File size: 4,619 Bytes

---
license: mit
tags:
- misspelling
- generator
- python
- ipynb
---

# Misspelling Generator 

A misspelling words generator of the 466k words from data [provider](https://github.com/dwyl/english-words) written `words.txt`. For demonstation, we only use 7 letters combination minimum to generate:
```
  Words processed  : 125,414
  Lines written    : 173,110,626
  Output file      : misspellings_permutations.txt
  File size        : 2.53 GB
```
depending your storage, you could do more litter combination limit, just configure the `MAX_WORD_LEN` in the script.

- use `generate_permutations_colab.py` or `google_collab_173MSW.ipynb` to generate 173,110,626 misspelling words from 125,414 processed datasets; the output is downloadable at [HuggingFace](https://huggingface.co/datasets/algorembrant/generated-misspelling-words/blob/main/173Million-misspelling-words.txt)
- use `generate_typos_colab.py` or `google_collab_263MSW.ipynb` to  generate 26,636,990 misspelling words from 415,701 processed datasets; the output is downloadable at [Hugging Face](https://huggingface.co/datasets/algorembrant/generated-misspelling-words/blob/main/26Million-misspelling-words.txt)
  
<br><br><br>
### Option 1 — use ``generate_typos_local.py` (Run Locally)

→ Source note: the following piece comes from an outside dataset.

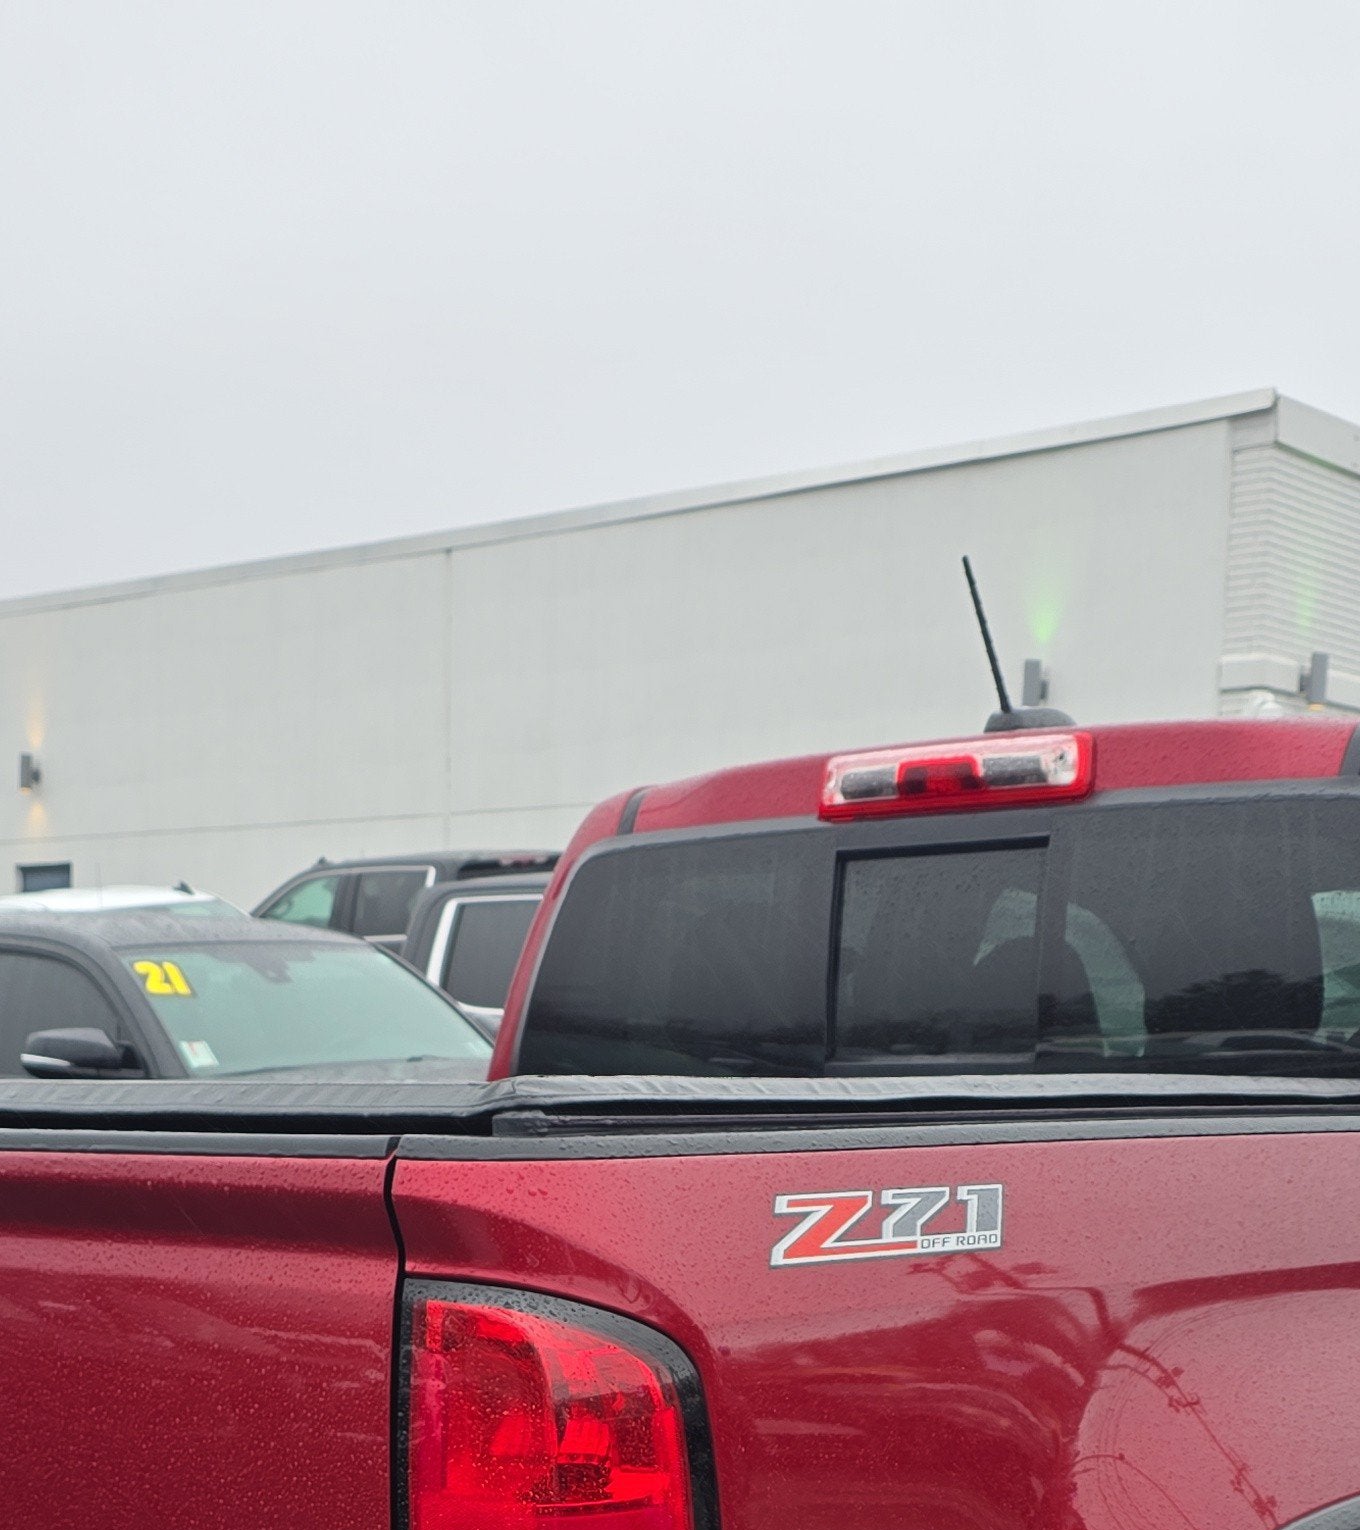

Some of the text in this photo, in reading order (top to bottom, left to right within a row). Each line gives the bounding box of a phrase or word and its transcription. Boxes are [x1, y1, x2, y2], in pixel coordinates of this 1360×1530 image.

[133, 960, 192, 995] 21
[770, 1184, 1003, 1267] Z71
[921, 1233, 998, 1249] OFF ROAD

Generates **realistic typo variants** using 4 strategies:

| Strategy | Example (`hello`) | Variants |
|---|---|---|
| Adjacent swap | `hlelo`, `helol` | n−1 per word |
| Char deletion | `hllo`, `helo`, `hell` | n per word |
| Char duplication | `hhello`, `heello` | n per word |
| Keyboard proximity | `gello`, `jello`, `hwllo` | varies |

- Processes only **pure-alpha words** with length ≥ 3
- Produces roughly **10–50 typos per word** → ~5M–20M lines total
- Output: data/misspellings.txt in `misspelling=correction` format

**To run:**
```
python generate_typos_local.py
```

---

### Option 2 — use `generate_permutations_colab.py` (Google Colab)

Generates **ALL letter permutations** of each word. Key config at the top of the file:

```python
MAX_WORD_LEN = 7   # ← CRITICAL control knob
```

---

## Google Colab Education

### What Is Google Colab?

Google Colab gives you a **free Linux VM** with Python pre-installed. You get:

| Resource | Free Tier | Colab Pro ($12/mo) |
|---|---|---|
| **Disk** | ~78 GB (temporary) | ~225 GB (temporary) |
| **RAM** | ~12 GB | ~25-50 GB |
| **GPU** | T4 (limited) | A100/V100 |
| **Runtime limit** | ~12 hours, then VM resets | ~24 hours |
| **Google Drive** | 15 GB (persistent) | 15 GB (same) |

> [!IMPORTANT]
> Colab disk is **ephemeral** — when the runtime disconnects, all files on the VM are deleted. Only Google Drive persists.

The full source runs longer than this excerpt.